*WHAT NEEDS TO BE DONE*. Word for word, transcribe every line below.
Top of MATERIAL FOR THE TASK
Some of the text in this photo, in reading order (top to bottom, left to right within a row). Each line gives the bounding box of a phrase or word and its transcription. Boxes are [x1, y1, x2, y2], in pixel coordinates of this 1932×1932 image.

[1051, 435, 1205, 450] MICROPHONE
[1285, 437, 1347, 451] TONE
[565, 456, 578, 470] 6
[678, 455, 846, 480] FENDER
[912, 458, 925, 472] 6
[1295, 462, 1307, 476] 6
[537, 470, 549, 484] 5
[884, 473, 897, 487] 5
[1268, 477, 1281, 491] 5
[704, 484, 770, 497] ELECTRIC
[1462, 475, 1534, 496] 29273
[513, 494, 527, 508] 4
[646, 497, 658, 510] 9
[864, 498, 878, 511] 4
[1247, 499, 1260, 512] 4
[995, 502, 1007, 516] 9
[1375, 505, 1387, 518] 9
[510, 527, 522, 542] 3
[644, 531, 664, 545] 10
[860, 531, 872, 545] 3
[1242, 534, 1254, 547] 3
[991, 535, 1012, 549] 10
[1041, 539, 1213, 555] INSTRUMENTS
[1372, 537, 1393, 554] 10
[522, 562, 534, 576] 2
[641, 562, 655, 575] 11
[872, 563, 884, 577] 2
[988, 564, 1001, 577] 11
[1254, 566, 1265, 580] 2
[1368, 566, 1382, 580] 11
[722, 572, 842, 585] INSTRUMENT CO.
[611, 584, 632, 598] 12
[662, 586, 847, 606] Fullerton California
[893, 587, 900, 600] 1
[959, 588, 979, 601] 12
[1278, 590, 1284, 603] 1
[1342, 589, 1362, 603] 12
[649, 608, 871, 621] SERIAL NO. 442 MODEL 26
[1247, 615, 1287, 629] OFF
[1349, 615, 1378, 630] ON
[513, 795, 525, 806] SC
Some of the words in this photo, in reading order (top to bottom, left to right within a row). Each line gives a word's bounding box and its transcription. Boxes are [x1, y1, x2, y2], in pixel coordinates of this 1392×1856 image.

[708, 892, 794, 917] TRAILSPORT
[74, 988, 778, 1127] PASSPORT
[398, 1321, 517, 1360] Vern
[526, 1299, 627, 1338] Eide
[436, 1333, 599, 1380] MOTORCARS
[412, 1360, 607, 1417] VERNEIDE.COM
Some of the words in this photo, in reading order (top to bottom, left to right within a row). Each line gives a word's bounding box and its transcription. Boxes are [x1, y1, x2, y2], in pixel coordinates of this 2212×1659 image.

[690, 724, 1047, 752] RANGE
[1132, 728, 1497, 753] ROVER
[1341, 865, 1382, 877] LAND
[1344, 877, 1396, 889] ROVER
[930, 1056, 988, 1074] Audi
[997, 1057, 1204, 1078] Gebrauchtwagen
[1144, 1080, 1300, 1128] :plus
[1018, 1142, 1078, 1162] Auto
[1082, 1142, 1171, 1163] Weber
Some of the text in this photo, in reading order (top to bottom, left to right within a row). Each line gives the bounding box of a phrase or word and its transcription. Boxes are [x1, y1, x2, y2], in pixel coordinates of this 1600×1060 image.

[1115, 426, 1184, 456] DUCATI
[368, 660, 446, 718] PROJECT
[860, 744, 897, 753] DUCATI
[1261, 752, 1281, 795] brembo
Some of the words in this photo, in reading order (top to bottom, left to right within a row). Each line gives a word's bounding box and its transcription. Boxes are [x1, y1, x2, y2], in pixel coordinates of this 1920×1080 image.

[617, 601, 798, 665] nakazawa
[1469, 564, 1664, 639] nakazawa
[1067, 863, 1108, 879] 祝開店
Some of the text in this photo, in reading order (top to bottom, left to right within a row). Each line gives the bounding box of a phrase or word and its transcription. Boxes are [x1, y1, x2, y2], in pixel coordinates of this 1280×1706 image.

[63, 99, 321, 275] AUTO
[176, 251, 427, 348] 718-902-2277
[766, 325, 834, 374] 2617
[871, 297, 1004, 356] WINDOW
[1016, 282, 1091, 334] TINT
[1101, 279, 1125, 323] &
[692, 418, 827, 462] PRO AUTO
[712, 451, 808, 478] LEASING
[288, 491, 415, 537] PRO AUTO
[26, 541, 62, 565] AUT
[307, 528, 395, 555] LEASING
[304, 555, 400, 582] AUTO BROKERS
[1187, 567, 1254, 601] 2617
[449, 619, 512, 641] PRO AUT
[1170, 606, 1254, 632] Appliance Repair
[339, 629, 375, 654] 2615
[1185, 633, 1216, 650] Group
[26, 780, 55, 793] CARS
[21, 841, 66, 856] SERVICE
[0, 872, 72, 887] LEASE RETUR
Bottom of MATERIAL FOR THE TASK
*EXERCISE RESULT*.
Some of the text in this photo, in reading order (top to bottom, left to right within a row). Each line gives the bounding box of a phrase or word and its transcription. Boxes are [x1, y1, x2, y2], in pixel coordinates of this 1932×1932 image.

[1051, 435, 1205, 450] MICROPHONE
[1285, 437, 1347, 451] TONE
[565, 456, 578, 470] 6
[678, 455, 846, 480] FENDER
[912, 458, 925, 472] 6
[1295, 462, 1307, 476] 6
[537, 470, 549, 484] 5
[884, 473, 897, 487] 5
[1268, 477, 1281, 491] 5
[704, 484, 770, 497] ELECTRIC
[1462, 475, 1534, 496] 29273
[513, 494, 527, 508] 4
[646, 497, 658, 510] 9
[864, 498, 878, 511] 4
[1247, 499, 1260, 512] 4
[995, 502, 1007, 516] 9
[1375, 505, 1387, 518] 9
[510, 527, 522, 542] 3
[644, 531, 664, 545] 10
[860, 531, 872, 545] 3
[1242, 534, 1254, 547] 3
[991, 535, 1012, 549] 10
[1041, 539, 1213, 555] INSTRUMENTS
[1372, 537, 1393, 554] 10
[522, 562, 534, 576] 2
[641, 562, 655, 575] 11
[872, 563, 884, 577] 2
[988, 564, 1001, 577] 11
[1254, 566, 1265, 580] 2
[1368, 566, 1382, 580] 11
[722, 572, 842, 585] INSTRUMENT CO.
[611, 584, 632, 598] 12
[662, 586, 847, 606] Fullerton California
[893, 587, 900, 600] 1
[959, 588, 979, 601] 12
[1278, 590, 1284, 603] 1
[1342, 589, 1362, 603] 12
[649, 608, 871, 621] SERIAL NO. 442 MODEL 26
[1247, 615, 1287, 629] OFF
[1349, 615, 1378, 630] ON
[513, 795, 525, 806] SC
Some of the words in this photo, in reading order (top to bottom, left to right within a row). Each line gives a word's bounding box and its transcription. Boxes are [x1, y1, x2, y2], in pixel coordinates of this 1392×1856 image.

[708, 892, 794, 917] TRAILSPORT
[74, 988, 778, 1127] PASSPORT
[398, 1321, 517, 1360] Vern
[526, 1299, 627, 1338] Eide
[436, 1333, 599, 1380] MOTORCARS
[412, 1360, 607, 1417] VERNEIDE.COM
Some of the words in this photo, in reading order (top to bottom, left to right within a row). Each line gives a word's bounding box and its transcription. Boxes are [x1, y1, x2, y2], in pixel coordinates of this 2212×1659 image.

[690, 724, 1047, 752] RANGE
[1132, 728, 1497, 753] ROVER
[1341, 865, 1382, 877] LAND
[1344, 877, 1396, 889] ROVER
[930, 1056, 988, 1074] Audi
[997, 1057, 1204, 1078] Gebrauchtwagen
[1144, 1080, 1300, 1128] :plus
[1018, 1142, 1078, 1162] Auto
[1082, 1142, 1171, 1163] Weber
Some of the text in this photo, in reading order (top to bottom, left to right within a row). Each line gives the bounding box of a phrase or word and its transcription. Boxes are [x1, y1, x2, y2], in pixel coordinates of this 1600×1060 image.

[1115, 426, 1184, 456] DUCATI
[368, 660, 446, 718] PROJECT
[860, 744, 897, 753] DUCATI
[1261, 752, 1281, 795] brembo
Some of the words in this photo, in reading order (top to bottom, left to right within a row). Each line gives a word's bounding box and its transcription. Boxes are [x1, y1, x2, y2], in pixel coordinates of this 1920×1080 image.

[617, 601, 798, 665] nakazawa
[1469, 564, 1664, 639] nakazawa
[1067, 863, 1108, 879] 祝開店
Some of the text in this photo, in reading order (top to bottom, left to right within a row). Each line gives the bounding box of a phrase or word and its transcription. Boxes are [x1, y1, x2, y2], in pixel coordinates of this 1280×1706 image.

[63, 99, 321, 275] AUTO
[176, 251, 427, 348] 718-902-2277
[766, 325, 834, 374] 2617
[871, 297, 1004, 356] WINDOW
[1016, 282, 1091, 334] TINT
[1101, 279, 1125, 323] &
[692, 418, 827, 462] PRO AUTO
[712, 451, 808, 478] LEASING
[288, 491, 415, 537] PRO AUTO
[26, 541, 62, 565] AUT
[307, 528, 395, 555] LEASING
[304, 555, 400, 582] AUTO BROKERS
[1187, 567, 1254, 601] 2617
[449, 619, 512, 641] PRO AUT
[1170, 606, 1254, 632] Appliance Repair
[339, 629, 375, 654] 2615
[1185, 633, 1216, 650] Group
[26, 780, 55, 793] CARS
[21, 841, 66, 856] SERVICE
[0, 872, 72, 887] LEASE RETUR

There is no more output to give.